As the screenwriter of the legendary horror/thriller Psycho, Ralph Macchio does very credible work as Joseph Stefano. In a cast that also includes Anthony Hopkins as Alfred Hitchcock, Helen Mirren as Hitchcock’s wife Alma Reville, and Scarlett Johansson as Janet Leigh, Macchio is clearly in with a solid cast. This well done film looks at Hitchcock’s personal life as he was making the classic thriller, Psycho. Macchio may have a small role but it’s no less important given the part his real life character played in the story. Sure, the spotlight is clearly on other actors in this cast (namely Hopkins, Mirren and Johansson), but Macchio as usual does highly credible work in a film populated by solid thespians. Unfortunately, Hitchcock doesn’t seem to have nabbed the attention it is due, but that should take nothing away from what a solid movie it is and what a strong performance Macchio is able to deliver in it against some of the worlds leading actors.
Up the Academy
The biggest complaint that Macchio fans will probably levy against this film is that Macchio isn’t in it enough. In the role of Chooch, Macchio is also part of an ensemble cast that has been sent to military school to shape up. As this film came out in 1980, and it is presented by Mad Magazine, it should surprise nobody that Up the Academy is a lesser known 80s, youth comedy. Honestly, Up the Academy is a high entertaining film. It isn’t Porky’s but it doesn’t need to be. With an R rating for many different reasons, Up the Academy is directed with a sure hand from none other than Robert Downey, Sr. Macchio, as Chooch, is raw, pithy and the perfect blend of sass and street-smarts to really get under the skin of Major Vaughn (Ron Leibman). Much lesser known then many of the other talked about 80s films, Up the Academy is certainly worth 90 minutes of your time to re-discover this 80s gem and Macchio in it.

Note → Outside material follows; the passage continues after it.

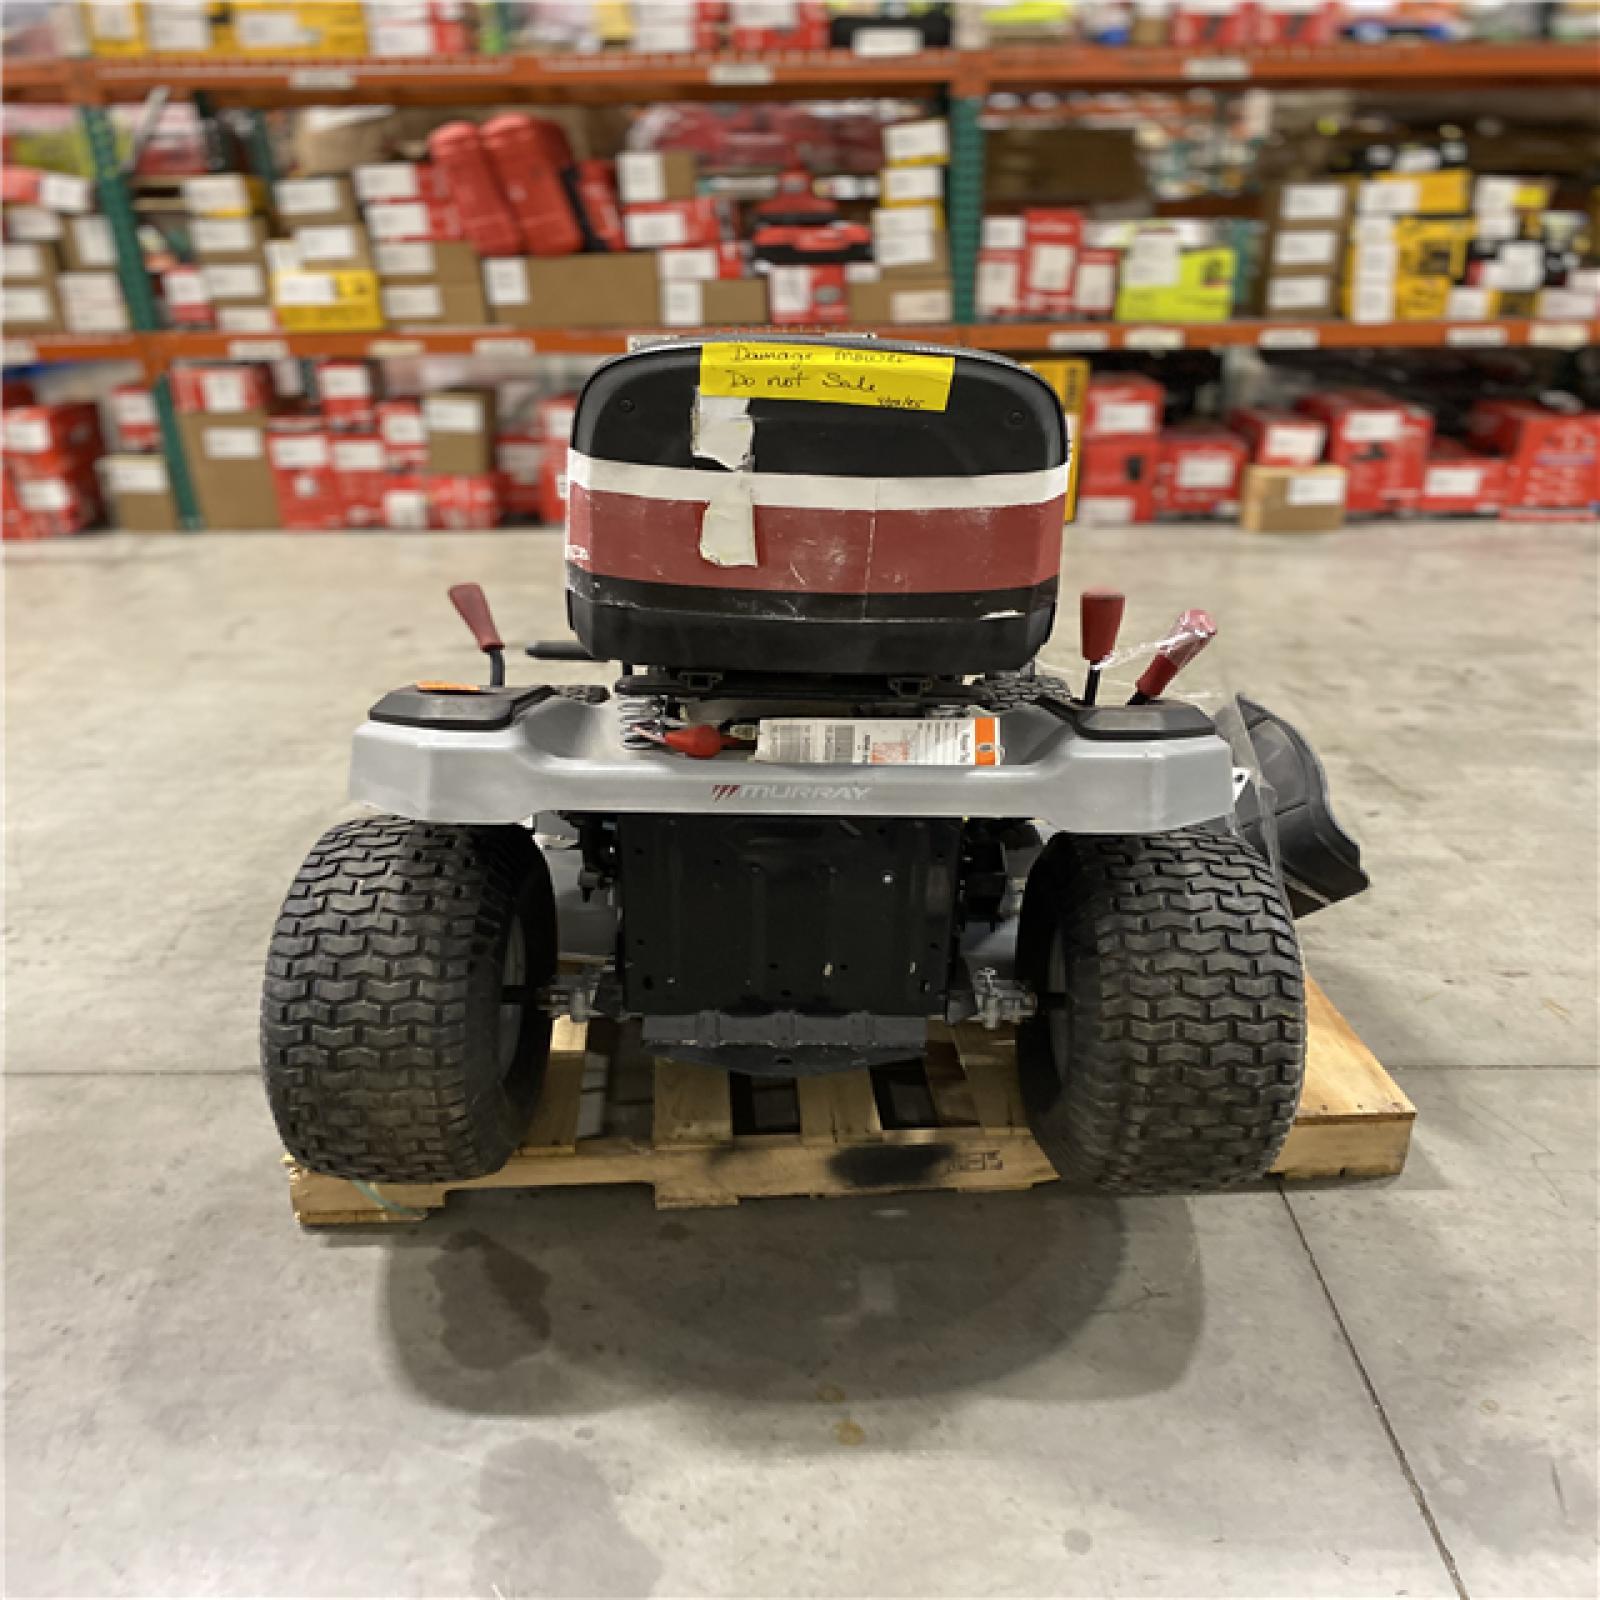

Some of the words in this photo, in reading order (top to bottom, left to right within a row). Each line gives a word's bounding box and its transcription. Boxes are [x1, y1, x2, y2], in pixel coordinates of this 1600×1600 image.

[725, 369, 756, 388] Do
[767, 370, 810, 388] not
[740, 785, 872, 801] MURRAY

Of all the films on this list, Beer League might be the one that leaves you scratching your head. Endangered of being kicked out of their softball league, Artie DeVanzo (Artie Lange) has got to rally the troops to make sure that doesn’t happen. One of those troops just happens to be Maz (Ralph Macchio) who, while he loves alcohol and hanging out with the guys, sort of seems like he’s in with this particular team of misfits by mistake. However, Macchio has an excellent time chewing the scenery in this laugh a minute comedy. Sure, the jokes are classy, the plot is raunchy, and nothing about Beer League would ever be confused for woke, it’s still nice to see that Macchio isn’t afraid to test his range with a project like this. Lets be honest, when we think of cornball comedies filled with toilet humor, Macchio wouldn’t be our “go to guy.” This makes his turn as Maz even that much more of a triumph.